SPIFFE was not designed for non-deterministic workloads. Solo.io and others have noted that current SPIFFE/Kubernetes implementations treat all replicas of a workload as identical. That works for stateless web services. It works less well for agents whose behavior depends on prompt history, memory, and model version. Two instances of the same agent identity may produce wildly different actions on the same inputs, and the identity layer cannot currently distinguish them. The substrate is right; the granularity is not yet.
Model version as an identity property is real but operationally fuzzy. Aembit and Saviynt both treat model upgrades as re-attestation events. Nobody has converged on what re-attestation actually looks like. Re-run the entire eval suite? Re-evaluate just the high-risk action classes? Treat the new model as a different identity entirely, with its own permission set granted separately? The conceptual frame is converging. The operational answer is not.
Multi-hop delegation chains are still being formalized. OAuth 2.0 plus the IETF draft handles the human-to-agent boundary. MCP’s spec handles agent-to-tool. Neither cleanly handles agent-to-agent with multiple intermediaries. When an orchestrating agent calls a specialist agent that calls a tool that calls another agent, the identity audit trail is patched together by hand. The protocol work is happening; the production patterns are not yet settled.
The non-deterministic path itself does not fit current “allowed or denied” binaries. Most authorization engines answer yes or no. An agent’s correct authorization decision sometimes depends on what just happened: the conversation history, the most recent tool output, the confidence of the model’s classification of the current step. Conditional, stateful, history-aware authorization is in the research literature (Cedar policies, OPA with state) but it is not the default. Production stacks are still doing static policy evaluation against requests that should probably be evaluated against trajectories.

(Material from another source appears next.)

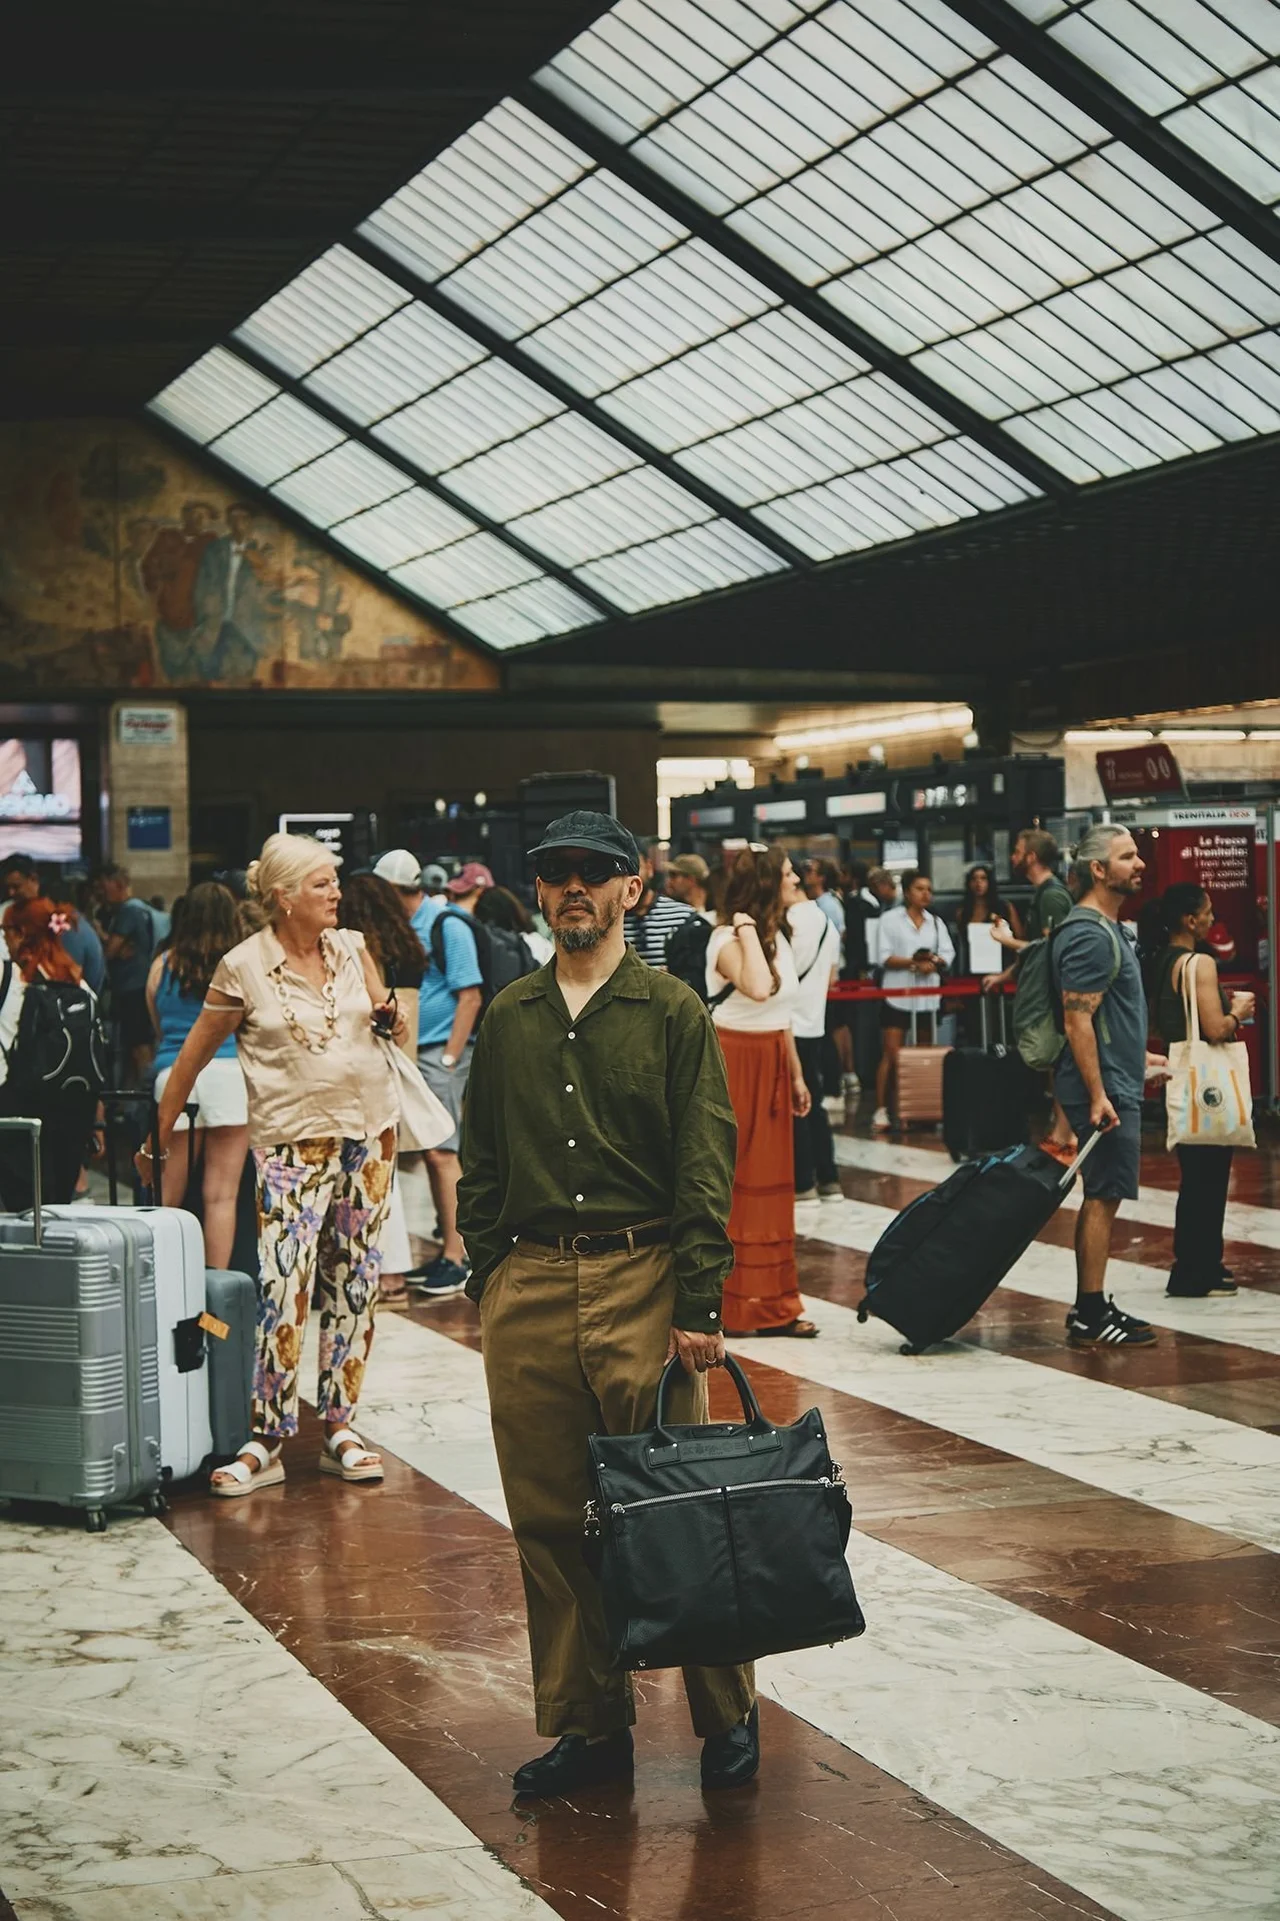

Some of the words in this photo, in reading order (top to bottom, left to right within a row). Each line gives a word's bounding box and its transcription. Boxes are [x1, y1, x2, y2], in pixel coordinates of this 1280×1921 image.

The honest version is that the framework is converging on workload identity plus agent-specific extensions, and the agent-specific extensions are mostly still being designed.
Where This Lands
After the research, the answer is the boring one and the interesting one at the same time. Agent identities are a new sub-class of non-human identity, and the new sub-class needs about ten percent new controls on top of about ninety percent existing NHI hygiene that most organizations have not implemented yet.
The ten percent that is genuinely new is genuinely new. Prompt injection has no service-account analog. Model version is a moving identity property. Multi-hop delegation with intersection-not-union semantics is a protocol problem still being solved. Those parts need their own controls, their own tooling, and their own threat model.
The ninety percent that is the same is the harder problem in practice, because it is the work most organizations have been deferring for a decade. The agent rollout does not let you defer it any longer. Short-lived workload identities, per-action scoping, intersection-not-union delegation, audit on every call, an inventory with owners and purposes for every identity in the system: that is the work, and you cannot do agent identity well without doing non-human identity well first.
What that authorization model looks like (how the permission grants are structured, how the policy is enforced, how the trust ladder progresses) is the subject of the follow-on post. The shorter answer to the question this post set out to investigate is the one that fits on a sticky note. The agent identity is a service account that improvises. The discipline you need is half a service-account discipline you should already have, and half a set of new controls for the part that improvises.